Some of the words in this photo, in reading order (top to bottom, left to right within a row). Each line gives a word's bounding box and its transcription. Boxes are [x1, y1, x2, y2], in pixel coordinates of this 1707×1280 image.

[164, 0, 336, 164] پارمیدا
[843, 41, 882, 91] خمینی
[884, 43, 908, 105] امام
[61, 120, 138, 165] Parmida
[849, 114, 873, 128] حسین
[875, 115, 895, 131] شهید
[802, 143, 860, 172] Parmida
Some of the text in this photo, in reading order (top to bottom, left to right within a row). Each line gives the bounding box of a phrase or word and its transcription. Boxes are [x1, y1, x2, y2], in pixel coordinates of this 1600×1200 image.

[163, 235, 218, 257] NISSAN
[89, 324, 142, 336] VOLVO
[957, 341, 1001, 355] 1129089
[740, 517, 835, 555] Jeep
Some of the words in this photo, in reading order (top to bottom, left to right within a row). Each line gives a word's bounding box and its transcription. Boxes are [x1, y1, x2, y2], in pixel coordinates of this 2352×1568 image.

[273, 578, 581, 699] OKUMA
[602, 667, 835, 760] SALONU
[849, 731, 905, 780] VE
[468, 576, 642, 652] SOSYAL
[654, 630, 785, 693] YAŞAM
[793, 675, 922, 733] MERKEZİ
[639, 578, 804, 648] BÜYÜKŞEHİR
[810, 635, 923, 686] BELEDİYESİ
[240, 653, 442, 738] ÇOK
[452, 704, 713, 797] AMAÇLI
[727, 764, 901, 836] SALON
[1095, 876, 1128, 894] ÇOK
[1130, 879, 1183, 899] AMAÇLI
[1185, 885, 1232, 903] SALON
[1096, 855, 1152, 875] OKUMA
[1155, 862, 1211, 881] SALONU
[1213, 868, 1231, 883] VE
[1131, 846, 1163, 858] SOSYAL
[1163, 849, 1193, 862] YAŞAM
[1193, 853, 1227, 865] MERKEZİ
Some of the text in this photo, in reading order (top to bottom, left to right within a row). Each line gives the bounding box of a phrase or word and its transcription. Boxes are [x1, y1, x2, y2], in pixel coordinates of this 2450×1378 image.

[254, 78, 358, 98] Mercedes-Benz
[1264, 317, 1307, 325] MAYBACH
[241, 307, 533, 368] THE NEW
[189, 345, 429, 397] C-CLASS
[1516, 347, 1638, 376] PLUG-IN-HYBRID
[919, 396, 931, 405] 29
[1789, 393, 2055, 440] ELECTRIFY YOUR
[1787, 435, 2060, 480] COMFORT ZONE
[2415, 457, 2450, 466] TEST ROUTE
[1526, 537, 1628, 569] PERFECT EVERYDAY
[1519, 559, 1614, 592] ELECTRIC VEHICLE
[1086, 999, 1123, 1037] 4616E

+--

**TRY IT:** Taking the line that contains "this 2450×1378 image." as the first and the last line of the material as the final one, transcribe that span exactly and include nothing else.

**ANSWER TO THIS PROBLEM:**
Some of the text in this photo, in reading order (top to bottom, left to right within a row). Each line gives the bounding box of a phrase or word and its transcription. Boxes are [x1, y1, x2, y2], in pixel coordinates of this 2450×1378 image.

[254, 78, 358, 98] Mercedes-Benz
[1264, 317, 1307, 325] MAYBACH
[241, 307, 533, 368] THE NEW
[189, 345, 429, 397] C-CLASS
[1516, 347, 1638, 376] PLUG-IN-HYBRID
[919, 396, 931, 405] 29
[1789, 393, 2055, 440] ELECTRIFY YOUR
[1787, 435, 2060, 480] COMFORT ZONE
[2415, 457, 2450, 466] TEST ROUTE
[1526, 537, 1628, 569] PERFECT EVERYDAY
[1519, 559, 1614, 592] ELECTRIC VEHICLE
[1086, 999, 1123, 1037] 4616E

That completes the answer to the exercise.